Spectral Ranking Inferences based on General Multiway Comparisons
Jianqing Fan, Zhipeng Lou, Weichen Wang, Mengxin Yu
TL;DR
This work addresses rank inference under general multiway comparisons where hyper-edge sizes vary and per-edge repeats may be as few as one. It develops a spectral ranking framework based on a Markov chain with transitions encoded by a weighting function $f(A_l)$, linking to Plackett-Luce and Luce's axiom, and shows that a two-step spectral method with optimal weighting achieves asymptotic efficiency equal to the MLE. The authors derive asymptotic normality for the estimated scores, construct one-sample and two-sample confidence intervals for ranks, and introduce a Gaussian multiplier bootstrap to calibrate critical values for simultaneous inference, including top-$K$ testing. They validate the approach via extensive simulations and real-data analyses on statistics journals and Netflix movie rankings, demonstrating accurate uncertainty quantification under heterogeneous, fixed and random graphs.

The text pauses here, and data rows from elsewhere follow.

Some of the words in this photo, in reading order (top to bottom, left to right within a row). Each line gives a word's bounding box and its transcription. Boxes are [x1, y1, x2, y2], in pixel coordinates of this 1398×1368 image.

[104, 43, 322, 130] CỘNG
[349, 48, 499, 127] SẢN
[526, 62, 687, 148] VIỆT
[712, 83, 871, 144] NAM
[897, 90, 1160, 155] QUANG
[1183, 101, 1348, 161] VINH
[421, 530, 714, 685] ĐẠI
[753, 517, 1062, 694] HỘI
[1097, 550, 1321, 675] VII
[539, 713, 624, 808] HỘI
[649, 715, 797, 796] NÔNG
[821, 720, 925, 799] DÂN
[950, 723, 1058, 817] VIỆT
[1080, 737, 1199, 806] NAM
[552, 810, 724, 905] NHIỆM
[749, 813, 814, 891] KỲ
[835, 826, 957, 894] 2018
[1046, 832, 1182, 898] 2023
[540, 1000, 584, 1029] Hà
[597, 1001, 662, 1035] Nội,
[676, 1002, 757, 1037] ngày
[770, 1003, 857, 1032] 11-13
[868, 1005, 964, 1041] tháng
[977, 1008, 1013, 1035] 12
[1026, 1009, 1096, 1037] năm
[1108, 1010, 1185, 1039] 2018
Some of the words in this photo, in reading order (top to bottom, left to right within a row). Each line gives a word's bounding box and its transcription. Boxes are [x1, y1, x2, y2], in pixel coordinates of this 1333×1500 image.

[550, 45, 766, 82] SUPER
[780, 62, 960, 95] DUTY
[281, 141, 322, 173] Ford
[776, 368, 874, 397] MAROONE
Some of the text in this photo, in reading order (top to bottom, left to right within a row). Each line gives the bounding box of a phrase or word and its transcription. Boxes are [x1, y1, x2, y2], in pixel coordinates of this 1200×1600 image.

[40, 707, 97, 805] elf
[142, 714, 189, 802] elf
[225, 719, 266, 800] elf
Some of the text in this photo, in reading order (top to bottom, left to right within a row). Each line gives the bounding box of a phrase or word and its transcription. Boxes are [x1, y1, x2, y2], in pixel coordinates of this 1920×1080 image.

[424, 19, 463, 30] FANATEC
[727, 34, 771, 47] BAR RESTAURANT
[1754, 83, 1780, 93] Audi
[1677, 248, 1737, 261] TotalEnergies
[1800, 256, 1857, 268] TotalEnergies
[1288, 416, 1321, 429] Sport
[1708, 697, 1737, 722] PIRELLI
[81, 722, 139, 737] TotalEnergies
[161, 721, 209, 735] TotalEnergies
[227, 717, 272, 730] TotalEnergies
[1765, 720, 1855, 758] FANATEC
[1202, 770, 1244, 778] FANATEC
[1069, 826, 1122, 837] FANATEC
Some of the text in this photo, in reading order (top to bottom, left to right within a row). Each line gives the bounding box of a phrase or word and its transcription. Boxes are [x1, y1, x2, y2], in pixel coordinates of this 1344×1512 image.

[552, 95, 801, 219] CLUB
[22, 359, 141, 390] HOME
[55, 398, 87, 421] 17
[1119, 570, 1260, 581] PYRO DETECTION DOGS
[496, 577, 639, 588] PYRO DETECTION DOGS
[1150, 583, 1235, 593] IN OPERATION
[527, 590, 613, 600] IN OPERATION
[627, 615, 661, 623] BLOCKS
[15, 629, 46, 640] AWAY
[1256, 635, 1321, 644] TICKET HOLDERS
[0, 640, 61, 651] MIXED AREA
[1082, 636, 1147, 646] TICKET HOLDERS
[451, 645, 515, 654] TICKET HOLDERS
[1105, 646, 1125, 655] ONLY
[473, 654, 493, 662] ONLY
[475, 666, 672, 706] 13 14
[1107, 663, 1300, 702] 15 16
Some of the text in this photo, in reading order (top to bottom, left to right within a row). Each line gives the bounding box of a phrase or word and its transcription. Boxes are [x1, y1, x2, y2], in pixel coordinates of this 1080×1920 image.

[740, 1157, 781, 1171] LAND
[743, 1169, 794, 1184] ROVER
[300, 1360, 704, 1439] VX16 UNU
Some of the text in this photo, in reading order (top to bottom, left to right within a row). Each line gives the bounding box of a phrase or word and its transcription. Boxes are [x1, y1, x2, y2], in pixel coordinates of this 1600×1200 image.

Overall, the paper relaxes previous sampling assumptions, provides a unified inference framework for fixed and random graphs with variable edge sizes, and introduces two-sample rank testing as a novel tool in ranking problems.
Abstract
This paper studies the performance of the spectral method in the estimation and uncertainty quantification of the unobserved preference scores of compared entities in a general and more realistic setup. Specifically, the comparison graph consists of hyper-edges of possible heterogeneous sizes, and the number of comparisons can be as low as one for a given hyper-edge. Such a setting is pervasive in real applications, circumventing the need to specify the graph randomness and the restrictive homogeneous sampling assumption imposed in the commonly used Bradley-Terry-Luce (BTL) or Plackett-Luce (PL) models. Furthermore, in scenarios where the BTL or PL models are appropriate, we unravel the relationship between the spectral estimator and the Maximum Likelihood Estimator (MLE). We discover that a two-step spectral method, where we apply the optimal weighting estimated from the equal weighting vanilla spectral method, can achieve the same asymptotic efficiency as the MLE. Given the asymptotic distributions of the estimated preference scores, we also introduce a comprehensive framework to carry out both one-sample and two-sample ranking inferences, applicable to both fixed and random graph settings. It is noteworthy that this is the first time effective two-sample rank testing methods have been proposed. Finally, we substantiate our findings via comprehensive numerical simulations and subsequently apply our developed methodologies to perform statistical inferences for statistical journals and movie rankings.